■ What the task requires:
Repeat the data exactly, so that every line matches the original.

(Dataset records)
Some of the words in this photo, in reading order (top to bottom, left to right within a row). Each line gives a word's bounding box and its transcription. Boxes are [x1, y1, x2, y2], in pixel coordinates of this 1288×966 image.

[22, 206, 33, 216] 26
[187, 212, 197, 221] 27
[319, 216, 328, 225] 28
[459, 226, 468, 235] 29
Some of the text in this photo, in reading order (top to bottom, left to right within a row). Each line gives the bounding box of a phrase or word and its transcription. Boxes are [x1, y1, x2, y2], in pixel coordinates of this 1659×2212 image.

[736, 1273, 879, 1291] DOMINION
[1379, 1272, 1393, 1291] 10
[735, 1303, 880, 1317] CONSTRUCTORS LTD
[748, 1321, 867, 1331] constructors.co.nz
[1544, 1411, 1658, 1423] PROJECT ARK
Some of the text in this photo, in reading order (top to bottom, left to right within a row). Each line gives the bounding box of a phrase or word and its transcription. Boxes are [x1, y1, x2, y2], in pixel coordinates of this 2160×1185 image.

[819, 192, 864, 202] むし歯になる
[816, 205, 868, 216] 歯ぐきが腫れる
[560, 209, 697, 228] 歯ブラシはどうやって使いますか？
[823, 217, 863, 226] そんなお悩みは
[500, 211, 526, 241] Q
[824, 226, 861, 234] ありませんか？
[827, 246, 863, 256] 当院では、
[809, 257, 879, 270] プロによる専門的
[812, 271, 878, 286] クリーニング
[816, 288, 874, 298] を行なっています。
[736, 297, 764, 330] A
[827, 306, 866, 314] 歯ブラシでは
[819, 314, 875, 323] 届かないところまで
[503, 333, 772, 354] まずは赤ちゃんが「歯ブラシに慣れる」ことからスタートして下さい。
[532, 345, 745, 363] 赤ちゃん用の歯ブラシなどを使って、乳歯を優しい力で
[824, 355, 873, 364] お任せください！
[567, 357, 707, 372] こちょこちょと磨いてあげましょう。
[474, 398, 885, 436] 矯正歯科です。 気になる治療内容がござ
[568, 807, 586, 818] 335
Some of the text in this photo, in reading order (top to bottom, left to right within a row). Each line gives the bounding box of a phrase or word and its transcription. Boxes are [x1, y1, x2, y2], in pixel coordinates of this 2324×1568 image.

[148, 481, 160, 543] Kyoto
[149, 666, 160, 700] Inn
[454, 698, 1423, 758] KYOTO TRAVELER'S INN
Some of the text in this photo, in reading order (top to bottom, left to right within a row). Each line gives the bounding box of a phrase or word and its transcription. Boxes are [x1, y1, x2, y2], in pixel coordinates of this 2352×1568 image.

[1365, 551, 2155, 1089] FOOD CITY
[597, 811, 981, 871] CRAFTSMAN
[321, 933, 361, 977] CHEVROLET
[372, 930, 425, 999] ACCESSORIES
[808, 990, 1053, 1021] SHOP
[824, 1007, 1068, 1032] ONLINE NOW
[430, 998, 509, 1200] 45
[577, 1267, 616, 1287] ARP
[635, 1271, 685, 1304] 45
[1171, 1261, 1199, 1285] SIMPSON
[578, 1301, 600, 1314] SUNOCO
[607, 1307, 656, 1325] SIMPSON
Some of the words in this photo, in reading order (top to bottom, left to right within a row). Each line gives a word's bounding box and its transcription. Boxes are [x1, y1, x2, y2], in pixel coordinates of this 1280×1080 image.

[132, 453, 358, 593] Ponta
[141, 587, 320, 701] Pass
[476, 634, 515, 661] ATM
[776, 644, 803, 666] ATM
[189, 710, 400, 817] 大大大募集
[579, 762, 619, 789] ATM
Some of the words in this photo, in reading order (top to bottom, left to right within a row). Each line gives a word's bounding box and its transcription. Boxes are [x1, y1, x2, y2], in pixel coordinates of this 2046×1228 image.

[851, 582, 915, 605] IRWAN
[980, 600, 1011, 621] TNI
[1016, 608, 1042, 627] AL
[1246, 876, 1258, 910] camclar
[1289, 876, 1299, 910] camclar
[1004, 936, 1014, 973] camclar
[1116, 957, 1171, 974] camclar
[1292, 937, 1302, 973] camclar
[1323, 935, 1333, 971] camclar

■ Reply to the task:
Some of the words in this photo, in reading order (top to bottom, left to right within a row). Each line gives a word's bounding box and its transcription. Boxes are [x1, y1, x2, y2], in pixel coordinates of this 1288×966 image.

[22, 206, 33, 216] 26
[187, 212, 197, 221] 27
[319, 216, 328, 225] 28
[459, 226, 468, 235] 29
Some of the text in this photo, in reading order (top to bottom, left to right within a row). Each line gives the bounding box of a phrase or word and its transcription. Boxes are [x1, y1, x2, y2], in pixel coordinates of this 1659×2212 image.

[736, 1273, 879, 1291] DOMINION
[1379, 1272, 1393, 1291] 10
[735, 1303, 880, 1317] CONSTRUCTORS LTD
[748, 1321, 867, 1331] constructors.co.nz
[1544, 1411, 1658, 1423] PROJECT ARK
Some of the text in this photo, in reading order (top to bottom, left to right within a row). Each line gives the bounding box of a phrase or word and its transcription. Boxes are [x1, y1, x2, y2], in pixel coordinates of this 2160×1185 image.

[819, 192, 864, 202] むし歯になる
[816, 205, 868, 216] 歯ぐきが腫れる
[560, 209, 697, 228] 歯ブラシはどうやって使いますか？
[823, 217, 863, 226] そんなお悩みは
[500, 211, 526, 241] Q
[824, 226, 861, 234] ありませんか？
[827, 246, 863, 256] 当院では、
[809, 257, 879, 270] プロによる専門的
[812, 271, 878, 286] クリーニング
[816, 288, 874, 298] を行なっています。
[736, 297, 764, 330] A
[827, 306, 866, 314] 歯ブラシでは
[819, 314, 875, 323] 届かないところまで
[503, 333, 772, 354] まずは赤ちゃんが「歯ブラシに慣れる」ことからスタートして下さい。
[532, 345, 745, 363] 赤ちゃん用の歯ブラシなどを使って、乳歯を優しい力で
[824, 355, 873, 364] お任せください！
[567, 357, 707, 372] こちょこちょと磨いてあげましょう。
[474, 398, 885, 436] 矯正歯科です。 気になる治療内容がござ
[568, 807, 586, 818] 335
Some of the text in this photo, in reading order (top to bottom, left to right within a row). Each line gives the bounding box of a phrase or word and its transcription. Boxes are [x1, y1, x2, y2], in pixel coordinates of this 2324×1568 image.

[148, 481, 160, 543] Kyoto
[149, 666, 160, 700] Inn
[454, 698, 1423, 758] KYOTO TRAVELER'S INN
Some of the text in this photo, in reading order (top to bottom, left to right within a row). Each line gives the bounding box of a phrase or word and its transcription. Boxes are [x1, y1, x2, y2], in pixel coordinates of this 2352×1568 image.

[1365, 551, 2155, 1089] FOOD CITY
[597, 811, 981, 871] CRAFTSMAN
[321, 933, 361, 977] CHEVROLET
[372, 930, 425, 999] ACCESSORIES
[808, 990, 1053, 1021] SHOP
[824, 1007, 1068, 1032] ONLINE NOW
[430, 998, 509, 1200] 45
[577, 1267, 616, 1287] ARP
[635, 1271, 685, 1304] 45
[1171, 1261, 1199, 1285] SIMPSON
[578, 1301, 600, 1314] SUNOCO
[607, 1307, 656, 1325] SIMPSON
Some of the words in this photo, in reading order (top to bottom, left to right within a row). Each line gives a word's bounding box and its transcription. Boxes are [x1, y1, x2, y2], in pixel coordinates of this 1280×1080 image.

[132, 453, 358, 593] Ponta
[141, 587, 320, 701] Pass
[476, 634, 515, 661] ATM
[776, 644, 803, 666] ATM
[189, 710, 400, 817] 大大大募集
[579, 762, 619, 789] ATM
Some of the words in this photo, in reading order (top to bottom, left to right within a row). Each line gives a word's bounding box and its transcription. Boxes are [x1, y1, x2, y2], in pixel coordinates of this 2046×1228 image.

[851, 582, 915, 605] IRWAN
[980, 600, 1011, 621] TNI
[1016, 608, 1042, 627] AL
[1246, 876, 1258, 910] camclar
[1289, 876, 1299, 910] camclar
[1004, 936, 1014, 973] camclar
[1116, 957, 1171, 974] camclar
[1292, 937, 1302, 973] camclar
[1323, 935, 1333, 971] camclar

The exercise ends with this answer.